**REQUIRED ACTION:** Exactly as written, please repeat the data that follows, but not the pictures.

---

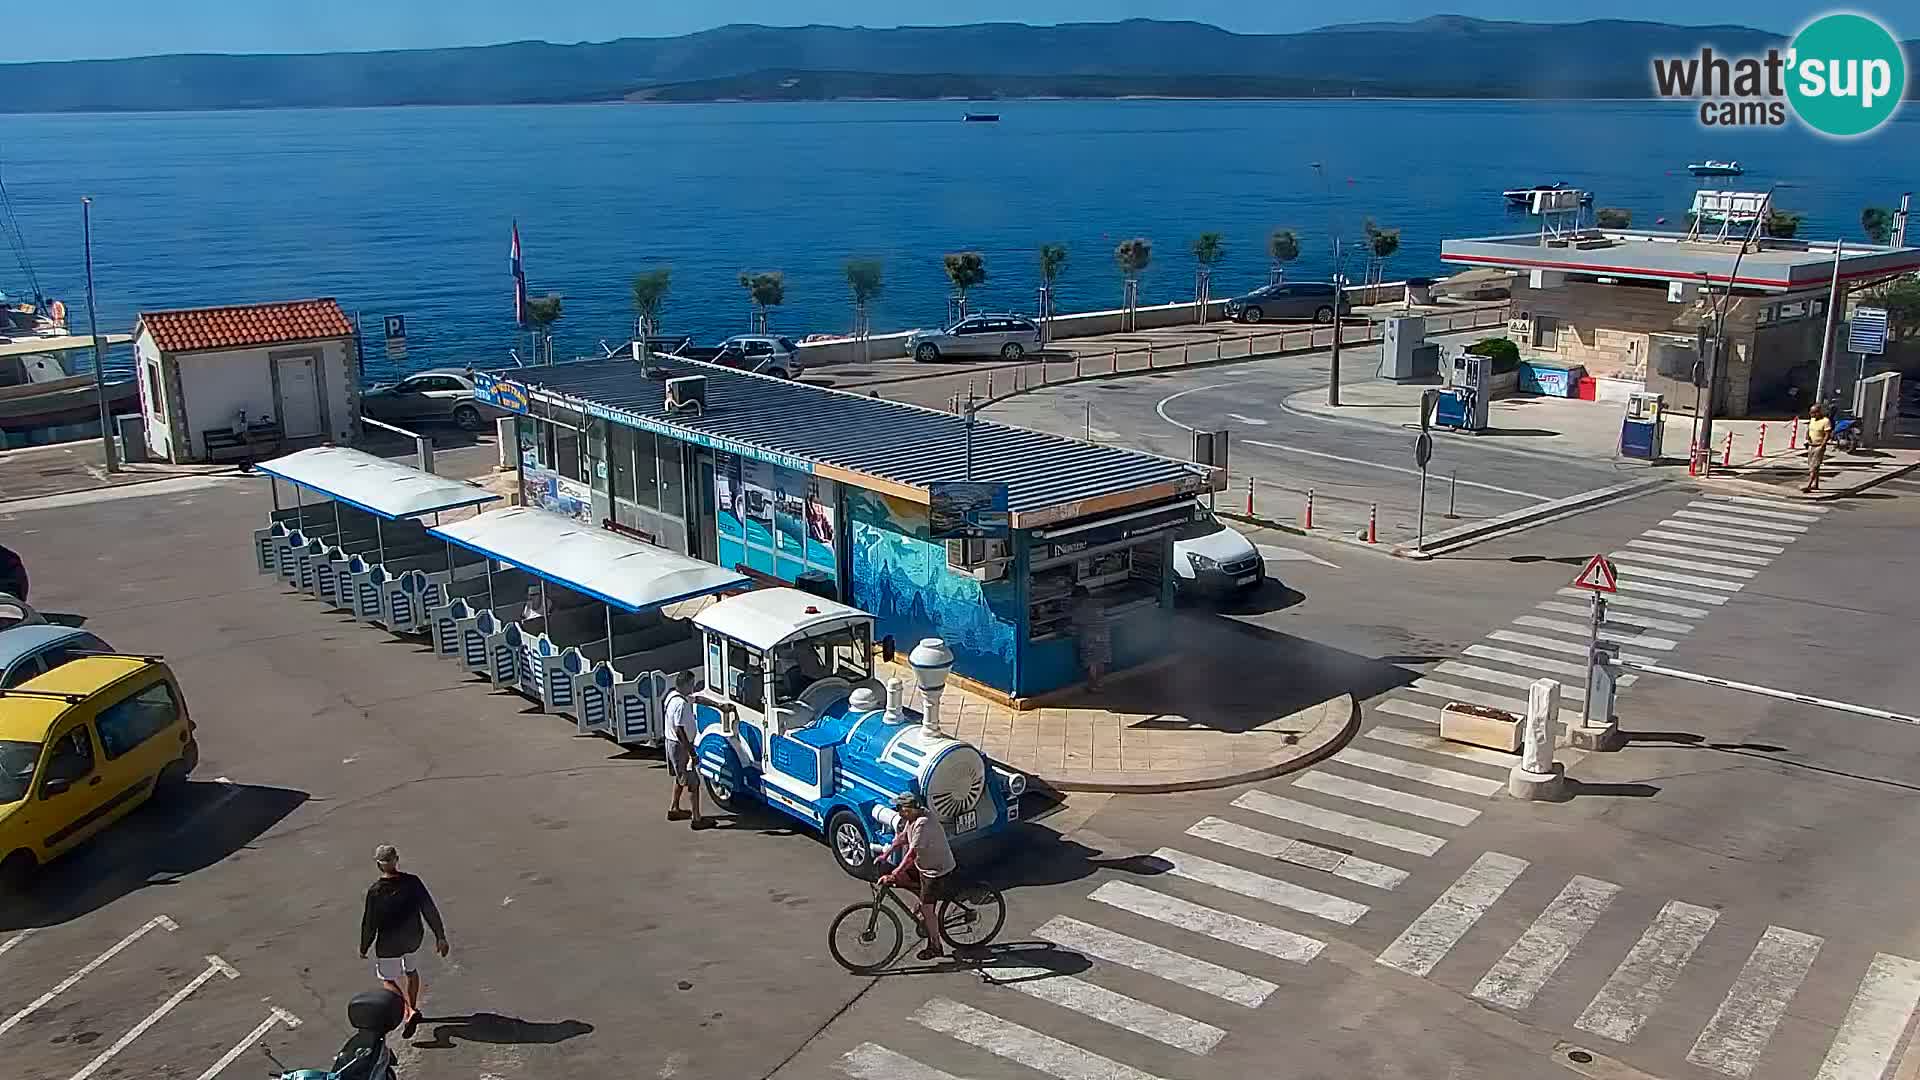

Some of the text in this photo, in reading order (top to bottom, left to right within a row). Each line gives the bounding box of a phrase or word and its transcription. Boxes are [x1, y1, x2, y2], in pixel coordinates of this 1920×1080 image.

[389, 319, 400, 335] P
[671, 427, 700, 445] POSTAJA
[709, 437, 723, 449] BUS
[724, 440, 755, 457] STATION
[757, 449, 781, 464] TICKET
[783, 457, 809, 471] OFFICE
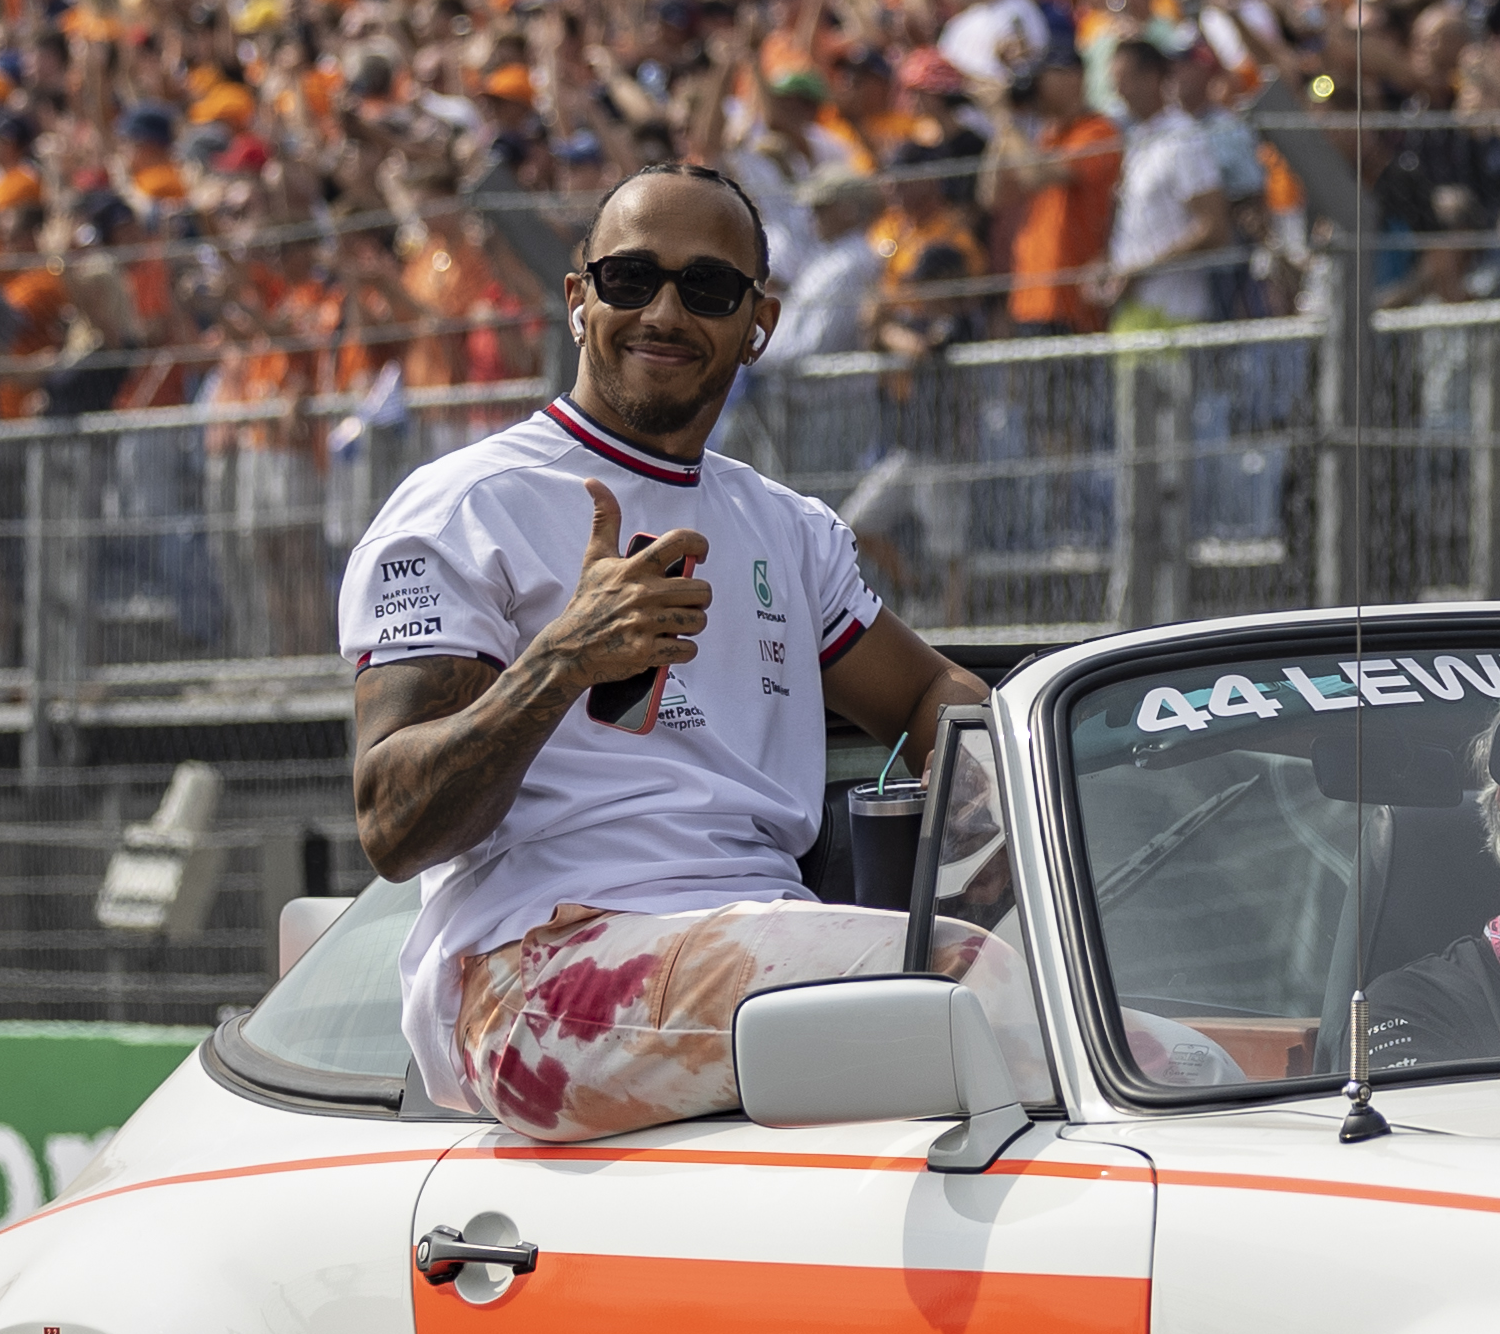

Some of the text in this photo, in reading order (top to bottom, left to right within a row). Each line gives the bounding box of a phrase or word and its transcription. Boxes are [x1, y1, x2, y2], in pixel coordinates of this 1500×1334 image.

[380, 556, 426, 583] IWC
[375, 593, 441, 619] BONVOY
[382, 585, 431, 602] MARRIOTT
[756, 610, 787, 624] PETRONAS
[378, 620, 423, 644] AMD
[1136, 673, 1285, 733] 44
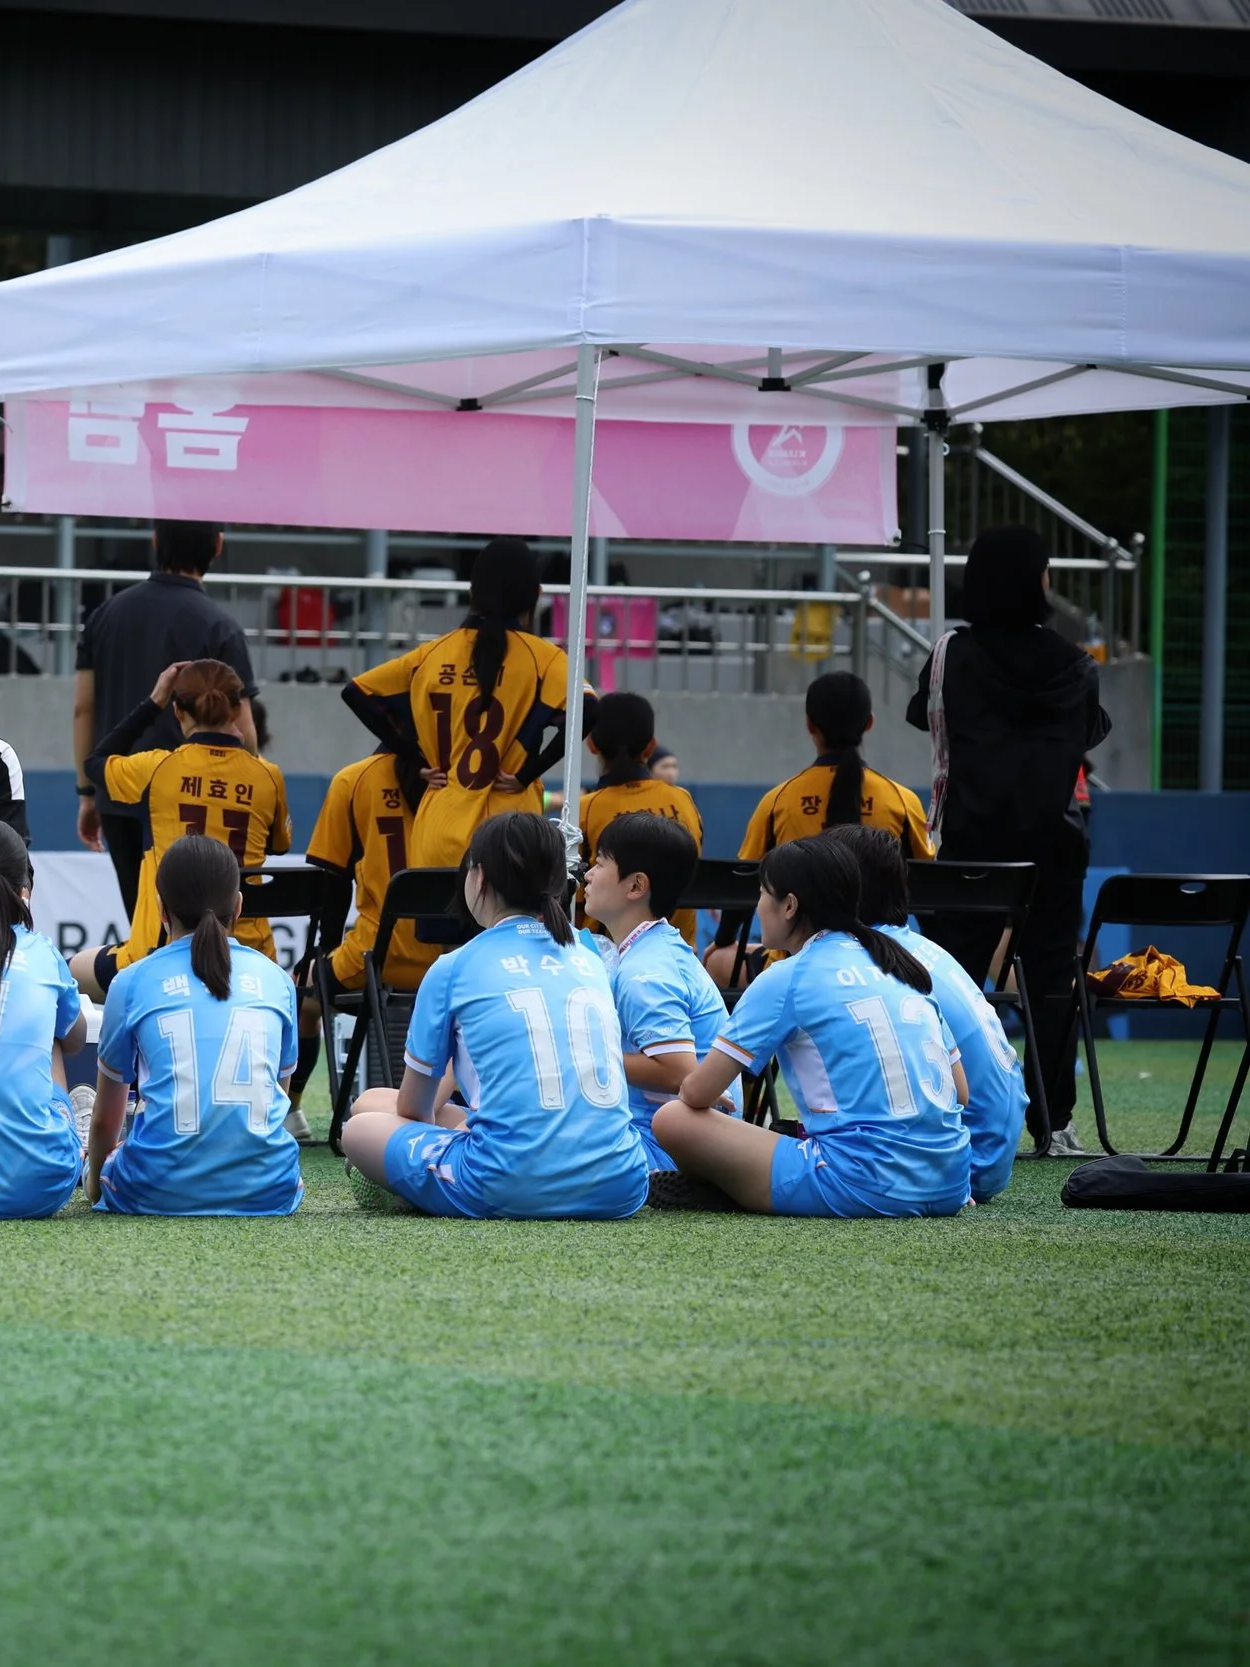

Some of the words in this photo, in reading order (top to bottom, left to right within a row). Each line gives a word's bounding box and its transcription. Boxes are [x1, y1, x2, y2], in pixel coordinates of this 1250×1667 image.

---

**EXPECTED ANSWER:**
Some of the text in this photo, in reading order (top to bottom, left to right within a row). Each line gives the bounding box of a phrase or word and its transcription. Boxes are [x1, y1, x2, y2], in pixel coordinates of this 1920×1080 image.

[389, 319, 400, 335] P
[671, 427, 700, 445] POSTAJA
[709, 437, 723, 449] BUS
[724, 440, 755, 457] STATION
[757, 449, 781, 464] TICKET
[783, 457, 809, 471] OFFICE

Some of the text in this photo, in reading order (top to bottom, left to right within a row). Each line gives the bounding box of a phrase or word and its transcription. Boxes are [x1, y1, x2, y2], in pixel coordinates of this 1500×1334 image.

[380, 556, 426, 583] IWC
[375, 593, 441, 619] BONVOY
[382, 585, 431, 602] MARRIOTT
[756, 610, 787, 624] PETRONAS
[378, 620, 423, 644] AMD
[1136, 673, 1285, 733] 44

Some of the words in this photo, in reading order (top to bottom, left to right within a row). Each line gives a word's bounding box and its transcription. Boxes are [x1, y1, x2, y2], in pixel coordinates of this 1250×1667 image.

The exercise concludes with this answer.